Rare indeed is the musician who can make two albums as disparate as Irvin Mayfield’s latest Los Hombres Calientes album with Bill Summers, Vol. 5: Carnival, and the premiere recording of Mayfield’s lynching chorale Strange Fruit. Almost unheard of is the musician who can make them both this good.

Carnival’s title lets you know what it has in store: No matter how complicated the rhythms Summers lays down, no matter how dizzyingly elaborate Mayfield’s trumpet solos, no matter what Afro-Latin-American tradition the two men are drawing on, they’re making party tracks. “Latin Tinge II” features blistering improvisation from Mayfield that locks into the Latin rhythm underneath, with frequent ensemble brass hits to help keep the trumpeter in line. “James Booker” and “George Porter” both pay sweat-breakin’ tribute to their namesake funkmeisters, while “Mardi Gras Bayou” has perhaps the hottest rhythm of all of them, beginning with a stutter and settling into an abbreviated-sounding loop that leaves plenty of space for some soulful singing and a wickedly twisting brass line.

The beats and the invention are so relentless that the chill-out tracks, especially “Carnival Lullaby” with its Mayfield-supplied Hammond organ cushioning the persistent sway, come as a welcome relief; indeed, a bit more relaxed music might have been appreciated for the home listeners without access to a fabulous party.

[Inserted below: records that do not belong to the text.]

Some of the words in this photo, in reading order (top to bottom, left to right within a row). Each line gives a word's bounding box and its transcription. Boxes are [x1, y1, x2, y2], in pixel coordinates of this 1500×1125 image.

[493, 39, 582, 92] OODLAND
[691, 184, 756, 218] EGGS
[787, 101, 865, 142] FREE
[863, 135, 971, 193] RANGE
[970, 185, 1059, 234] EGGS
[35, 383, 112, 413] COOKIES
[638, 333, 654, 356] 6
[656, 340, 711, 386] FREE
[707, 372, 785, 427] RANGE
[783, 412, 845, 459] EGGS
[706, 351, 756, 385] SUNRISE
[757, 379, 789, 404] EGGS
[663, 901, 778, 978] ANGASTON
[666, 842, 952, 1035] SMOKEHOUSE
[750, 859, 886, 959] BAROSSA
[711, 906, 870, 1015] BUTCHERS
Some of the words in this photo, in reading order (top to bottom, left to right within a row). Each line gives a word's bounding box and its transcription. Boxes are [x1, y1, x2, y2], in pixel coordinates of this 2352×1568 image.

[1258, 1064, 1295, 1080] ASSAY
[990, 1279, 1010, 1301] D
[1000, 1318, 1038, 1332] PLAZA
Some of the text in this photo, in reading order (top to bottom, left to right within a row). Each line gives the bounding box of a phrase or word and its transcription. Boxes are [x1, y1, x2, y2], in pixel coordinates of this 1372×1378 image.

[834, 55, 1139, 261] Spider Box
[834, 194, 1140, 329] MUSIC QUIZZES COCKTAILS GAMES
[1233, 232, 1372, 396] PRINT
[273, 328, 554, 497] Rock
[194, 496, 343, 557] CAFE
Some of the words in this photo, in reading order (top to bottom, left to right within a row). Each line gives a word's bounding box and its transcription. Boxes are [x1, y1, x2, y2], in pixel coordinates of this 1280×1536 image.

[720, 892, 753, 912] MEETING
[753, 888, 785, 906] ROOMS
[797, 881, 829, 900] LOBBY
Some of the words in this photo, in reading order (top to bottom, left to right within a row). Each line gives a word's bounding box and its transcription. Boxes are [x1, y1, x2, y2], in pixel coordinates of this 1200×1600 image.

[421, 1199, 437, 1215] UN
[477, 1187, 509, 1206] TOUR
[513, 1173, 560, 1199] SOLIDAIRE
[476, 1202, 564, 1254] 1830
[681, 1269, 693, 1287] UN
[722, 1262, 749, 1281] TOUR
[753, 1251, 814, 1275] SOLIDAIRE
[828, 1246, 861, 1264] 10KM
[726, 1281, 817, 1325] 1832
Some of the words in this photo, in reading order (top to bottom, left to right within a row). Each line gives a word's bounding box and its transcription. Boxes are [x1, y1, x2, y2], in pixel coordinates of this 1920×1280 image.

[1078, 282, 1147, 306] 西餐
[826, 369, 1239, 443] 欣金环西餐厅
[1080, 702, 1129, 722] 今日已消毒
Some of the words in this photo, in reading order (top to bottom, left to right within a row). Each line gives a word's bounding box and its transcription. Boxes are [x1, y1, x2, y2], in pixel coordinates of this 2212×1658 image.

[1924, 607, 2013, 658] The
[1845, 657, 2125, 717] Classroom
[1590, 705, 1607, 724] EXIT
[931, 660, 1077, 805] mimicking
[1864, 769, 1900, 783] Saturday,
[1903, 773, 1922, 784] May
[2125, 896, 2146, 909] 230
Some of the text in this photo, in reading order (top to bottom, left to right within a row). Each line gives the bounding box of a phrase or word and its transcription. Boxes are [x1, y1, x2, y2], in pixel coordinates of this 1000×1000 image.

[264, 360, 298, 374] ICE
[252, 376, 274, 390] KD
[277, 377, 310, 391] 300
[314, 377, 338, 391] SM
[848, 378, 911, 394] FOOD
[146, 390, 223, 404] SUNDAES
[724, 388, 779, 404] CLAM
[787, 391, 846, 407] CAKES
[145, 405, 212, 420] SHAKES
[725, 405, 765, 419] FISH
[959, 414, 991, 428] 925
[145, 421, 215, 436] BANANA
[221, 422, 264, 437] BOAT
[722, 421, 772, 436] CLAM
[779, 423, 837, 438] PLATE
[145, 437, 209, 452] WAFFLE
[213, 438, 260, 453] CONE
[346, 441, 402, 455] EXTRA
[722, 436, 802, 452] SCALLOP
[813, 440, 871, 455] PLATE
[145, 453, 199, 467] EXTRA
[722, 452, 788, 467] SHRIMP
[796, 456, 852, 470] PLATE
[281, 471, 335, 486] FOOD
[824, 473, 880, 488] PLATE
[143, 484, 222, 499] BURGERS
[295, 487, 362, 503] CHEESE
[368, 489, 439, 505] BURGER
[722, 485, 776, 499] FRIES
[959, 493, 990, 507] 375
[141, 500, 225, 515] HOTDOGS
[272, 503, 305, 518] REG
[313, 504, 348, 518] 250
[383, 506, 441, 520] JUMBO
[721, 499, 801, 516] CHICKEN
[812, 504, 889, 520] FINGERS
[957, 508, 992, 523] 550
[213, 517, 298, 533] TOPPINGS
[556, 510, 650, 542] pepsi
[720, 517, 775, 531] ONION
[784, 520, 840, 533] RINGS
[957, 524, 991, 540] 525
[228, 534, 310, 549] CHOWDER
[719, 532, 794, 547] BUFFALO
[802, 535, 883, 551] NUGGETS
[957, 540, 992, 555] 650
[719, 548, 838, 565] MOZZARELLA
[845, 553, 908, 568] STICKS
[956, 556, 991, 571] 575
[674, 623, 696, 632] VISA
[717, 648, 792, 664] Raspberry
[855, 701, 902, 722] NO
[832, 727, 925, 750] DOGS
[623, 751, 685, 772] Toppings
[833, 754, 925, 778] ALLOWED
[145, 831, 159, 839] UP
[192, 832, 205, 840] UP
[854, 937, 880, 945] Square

This is not a problem with Mayfield’s Strange Fruit, an opus commissioned by Dillard University and brilliantly performed by the New Orleans Jazz Orchestra and the Dillard University Choir under Mayfield’s direction. Wendell Pierce ably narrates the plot about a fictional lynching in his deep bass, allowing Mayfield to illustrate single moments of piercing emotion with felicitous writing for the orchestra, as on the lustrous blues “Opening Statements,” and haunting choral arrangements like “The Sacrifice.”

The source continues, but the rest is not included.